Él quiso agregar algo. Abrió la boca, pero finalmente negó imperceptiblemente con la cabeza, recogió un jersey del suelo y se lo puso de camino a la cocina.
– Siéntate aquí, por favor -dijo finalmente-. Si para ti es cosa de vida o muerte quedarte despierta toda la noche, lo mejor es que hagamos algo sensato.
Inger Johanne acercó la banqueta de bar al banco de la cocina y se ajustó la bata. Con los dedos hojeaba sin concentrarse la gruesa carpeta del caso, que no debería estar en la cocina.
– Sigmund no se rinde -dijo ella restregándose los ojos bajo las gafas.
– No, pero es que tiene razón. Se trata de un caso fascinante.
Yngvar se volvió tan bruscamente que el agua de la cafetera salpicó.
– He estado una hora en el trabajo -dijo a la defensiva-. Desde que salí de aquí hasta que volví…
– Relájate, hombre. No pasa nada. Entiendo perfectamente que tengas que pasarte por ahí de vez en cuando. Tengo que admitir que…

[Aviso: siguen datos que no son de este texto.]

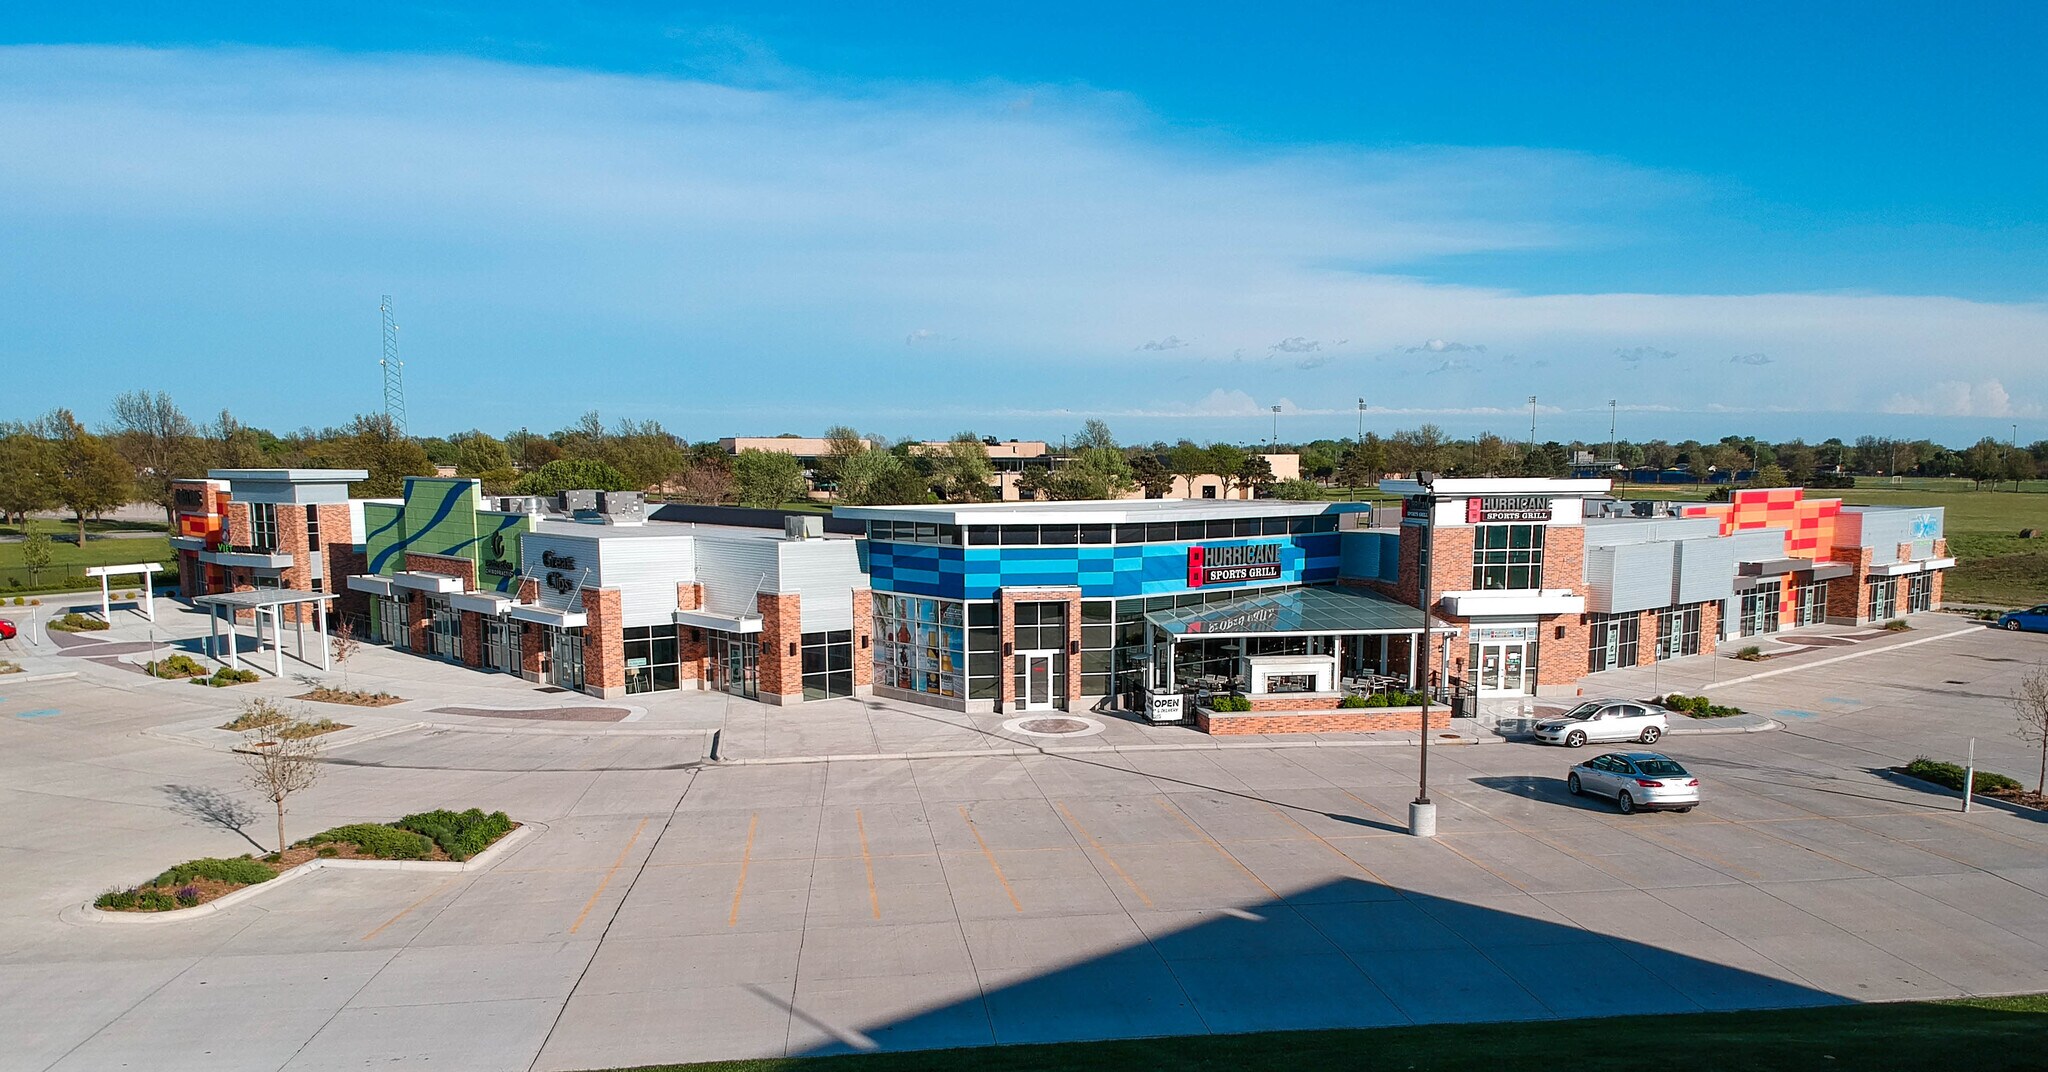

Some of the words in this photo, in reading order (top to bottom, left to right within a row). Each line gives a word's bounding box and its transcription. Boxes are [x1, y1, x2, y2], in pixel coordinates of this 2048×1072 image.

[1482, 497, 1553, 510] HURRICANE
[1487, 512, 1520, 520] SPORTS
[1204, 544, 1282, 567] HURRICANE
[1210, 569, 1247, 580] SPORTS
[1249, 567, 1277, 578] GRILL
[1154, 699, 1179, 708] OPEN

Sobre la carpeta había una fotografía, un lisonjero retrato de una futura víctima de asesinato. Su estrecho rostro parecía aún más estrecho porque llevaba la raya de su media melena en medio. Por lo demás, pocas cosas eran anticuadas en Fiona Helle. La mirada era desafiante, los labios gruesos y la sonrisa que le dirigía al fotógrafo, segura de sí misma. El maquillaje de los ojos era pesado, pero paradójicamente no resultaba vulgar. En suma, había algo fascinante en la foto, un toque abiertamente erótico contrastaba fuertemente con el perfil mundano y familiar de su programa, que ella había construido con gran éxito.
– ¿Qué tienes que admitir? -preguntó Yngvar.
– Que…
– Que el caso te parece jodidamente interesante -se río Yngvar entre el ruido de las tazas-. Sólo voy a buscar un par de pantalones.

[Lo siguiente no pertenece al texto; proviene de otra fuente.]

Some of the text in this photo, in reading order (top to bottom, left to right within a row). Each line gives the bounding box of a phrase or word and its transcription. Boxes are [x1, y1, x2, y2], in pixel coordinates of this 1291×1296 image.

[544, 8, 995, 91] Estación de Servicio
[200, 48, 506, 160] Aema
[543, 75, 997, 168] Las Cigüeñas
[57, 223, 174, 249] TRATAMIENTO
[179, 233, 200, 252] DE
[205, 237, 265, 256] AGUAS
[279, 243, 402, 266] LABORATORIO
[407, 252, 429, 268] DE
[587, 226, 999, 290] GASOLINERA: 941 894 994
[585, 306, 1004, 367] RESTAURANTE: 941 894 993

El pasado de Fiona Helle no era menos fascinante que su retrato. Inger Johanne se fijó mientras iba leyendo: era diplomada en Historia del Arte. Con sólo veintidós años se casó con el fontanero Bernt Helle, se hizo cargo del chalé de los abuelos en Lørenskog y vivió sin hijos durante trece años. Resultaba evidente que la llegada de la pequeña Fiorella en 1998 no había frenado ni sus ambiciones ni su carrera. Más bien al contrario. Desde su estatus de culto en el pequeño programa Arte que mola, en el canal NRK2, fue con el tiempo trasladada a la sección de entretenimiento. Tras un par de temporadas en un talk-show, los jueves a última hora, por fin «llegó a casa». Ésa era al menos la expresión que ella misma usaba, en las incontables entrevistas que había concedido en los últimos tres años. Fiona en faena era uno de los mayores éxitos del canal público desde la década de los sesenta, cuando la gente no tenía otra cosa mejor que hacer que reunirse en torno a las pantallas, con un solo canal, dándole forma colectiva a lo que era una noche de sábado en Noruega.
– ¡A ti te gustaban sus programas! ¡Un hombre hecho y derecho ahí sentado llorando!
Inger Johanne sonrió a Yngvar, que ya había vuelto, ahora con un forro polar rojo eléctrico, pantalones de chándal grises y calcetines de lana naranja en los pies.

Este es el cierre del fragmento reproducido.